## What you should do:
Transcribe all the records exactly and omit any images they hold.
------------------------------------------------------------------------
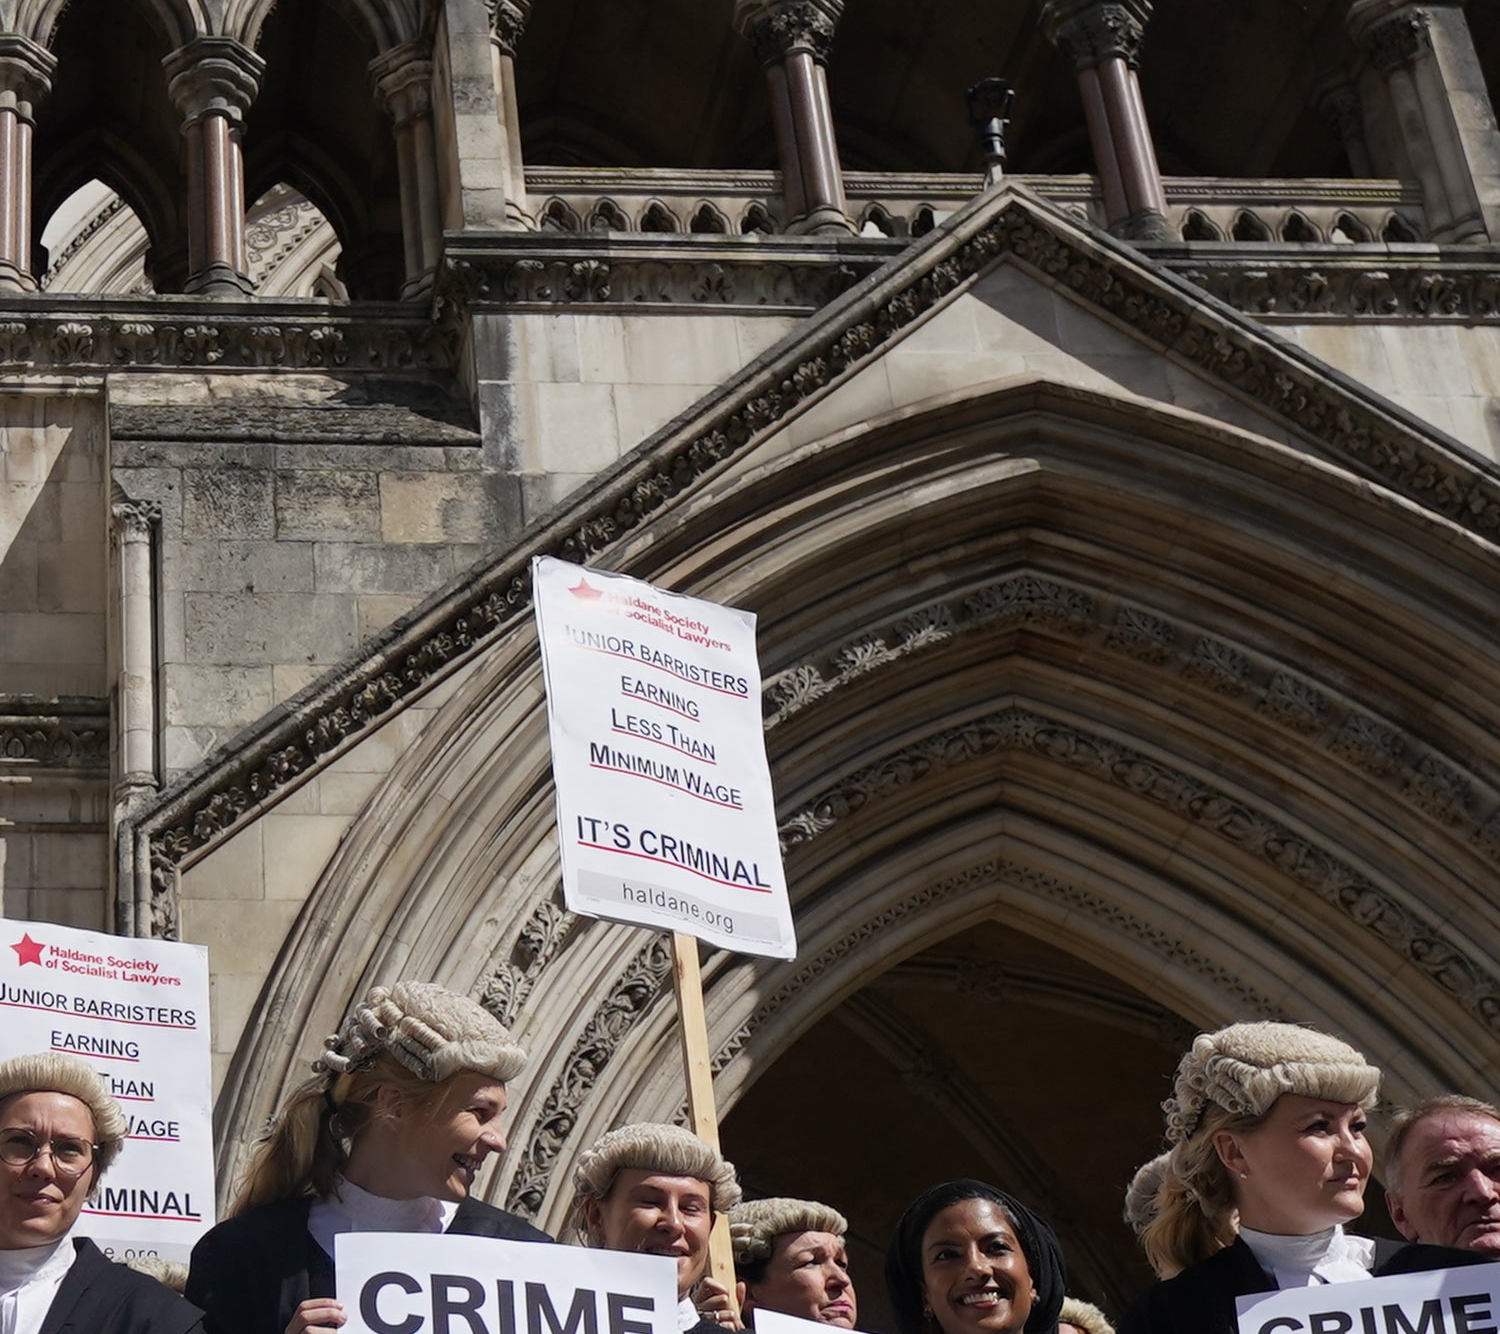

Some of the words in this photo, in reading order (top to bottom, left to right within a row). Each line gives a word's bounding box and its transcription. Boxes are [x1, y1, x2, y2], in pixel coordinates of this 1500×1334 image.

[664, 610, 709, 635] Society
[677, 627, 732, 652] Lawyers
[640, 644, 749, 694] BARRISTERS
[621, 675, 700, 718] EARNING
[611, 708, 664, 740] LESS
[666, 724, 716, 761] THAN
[590, 742, 680, 785] MINIMUM
[683, 768, 743, 807] WAGE
[576, 815, 631, 849] IT'S
[639, 830, 772, 889] CRIMINAL
[622, 883, 734, 933] haldane.org
[45, 959, 59, 968] of
[61, 960, 118, 980] Socialist
[122, 971, 182, 986] Lawyers
[50, 946, 103, 964] Haldane
[107, 955, 159, 973] Society
[73, 996, 197, 1026] BARRISTERS
[50, 1030, 140, 1058] EARNING
------------------------------------------------------------------------
## Solution to the problem:
Some of the words in this photo, in reading order (top to bottom, left to right within a row). Each line gives a word's bounding box and its transcription. Boxes are [x1, y1, x2, y2], in pixel coordinates of this 1500×1334 image.

[664, 610, 709, 635] Society
[677, 627, 732, 652] Lawyers
[640, 644, 749, 694] BARRISTERS
[621, 675, 700, 718] EARNING
[611, 708, 664, 740] LESS
[666, 724, 716, 761] THAN
[590, 742, 680, 785] MINIMUM
[683, 768, 743, 807] WAGE
[576, 815, 631, 849] IT'S
[639, 830, 772, 889] CRIMINAL
[622, 883, 734, 933] haldane.org
[45, 959, 59, 968] of
[61, 960, 118, 980] Socialist
[122, 971, 182, 986] Lawyers
[50, 946, 103, 964] Haldane
[107, 955, 159, 973] Society
[73, 996, 197, 1026] BARRISTERS
[50, 1030, 140, 1058] EARNING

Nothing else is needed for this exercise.